▶ _Recorded data_:
# # # # #
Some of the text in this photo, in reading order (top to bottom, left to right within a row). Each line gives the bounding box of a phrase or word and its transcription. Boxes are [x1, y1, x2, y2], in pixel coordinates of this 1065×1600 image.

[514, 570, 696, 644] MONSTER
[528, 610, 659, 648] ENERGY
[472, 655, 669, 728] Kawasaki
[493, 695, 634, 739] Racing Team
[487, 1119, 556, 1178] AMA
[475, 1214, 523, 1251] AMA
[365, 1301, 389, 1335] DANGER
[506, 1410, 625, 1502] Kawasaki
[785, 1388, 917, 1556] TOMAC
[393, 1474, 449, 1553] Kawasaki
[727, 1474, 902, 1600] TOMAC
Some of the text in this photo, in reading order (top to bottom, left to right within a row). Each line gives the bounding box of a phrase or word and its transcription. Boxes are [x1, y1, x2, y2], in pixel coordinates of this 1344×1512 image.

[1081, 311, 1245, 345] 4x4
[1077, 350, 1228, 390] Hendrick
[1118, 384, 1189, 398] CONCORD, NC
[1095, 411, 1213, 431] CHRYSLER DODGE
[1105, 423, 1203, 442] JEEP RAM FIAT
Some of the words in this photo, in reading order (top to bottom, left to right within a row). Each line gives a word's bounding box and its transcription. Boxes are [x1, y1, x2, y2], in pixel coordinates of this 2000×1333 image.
# # # # #
Transcribe the listing above in full, so that every line matches exactly.

Some of the text in this photo, in reading order (top to bottom, left to right within a row). Each line gives the bounding box of a phrase or word and its transcription. Boxes are [x1, y1, x2, y2], in pixel coordinates of this 1065×1600 image.

[514, 570, 696, 644] MONSTER
[528, 610, 659, 648] ENERGY
[472, 655, 669, 728] Kawasaki
[493, 695, 634, 739] Racing Team
[487, 1119, 556, 1178] AMA
[475, 1214, 523, 1251] AMA
[365, 1301, 389, 1335] DANGER
[506, 1410, 625, 1502] Kawasaki
[785, 1388, 917, 1556] TOMAC
[393, 1474, 449, 1553] Kawasaki
[727, 1474, 902, 1600] TOMAC
Some of the text in this photo, in reading order (top to bottom, left to right within a row). Each line gives the bounding box of a phrase or word and its transcription. Boxes are [x1, y1, x2, y2], in pixel coordinates of this 1344×1512 image.

[1081, 311, 1245, 345] 4x4
[1077, 350, 1228, 390] Hendrick
[1118, 384, 1189, 398] CONCORD, NC
[1095, 411, 1213, 431] CHRYSLER DODGE
[1105, 423, 1203, 442] JEEP RAM FIAT
Some of the words in this photo, in reading order (top to bottom, left to right within a row). Each line gives a word's bounding box and its transcription. Boxes are [x1, y1, x2, y2], in pixel coordinates of this 2000×1333 image.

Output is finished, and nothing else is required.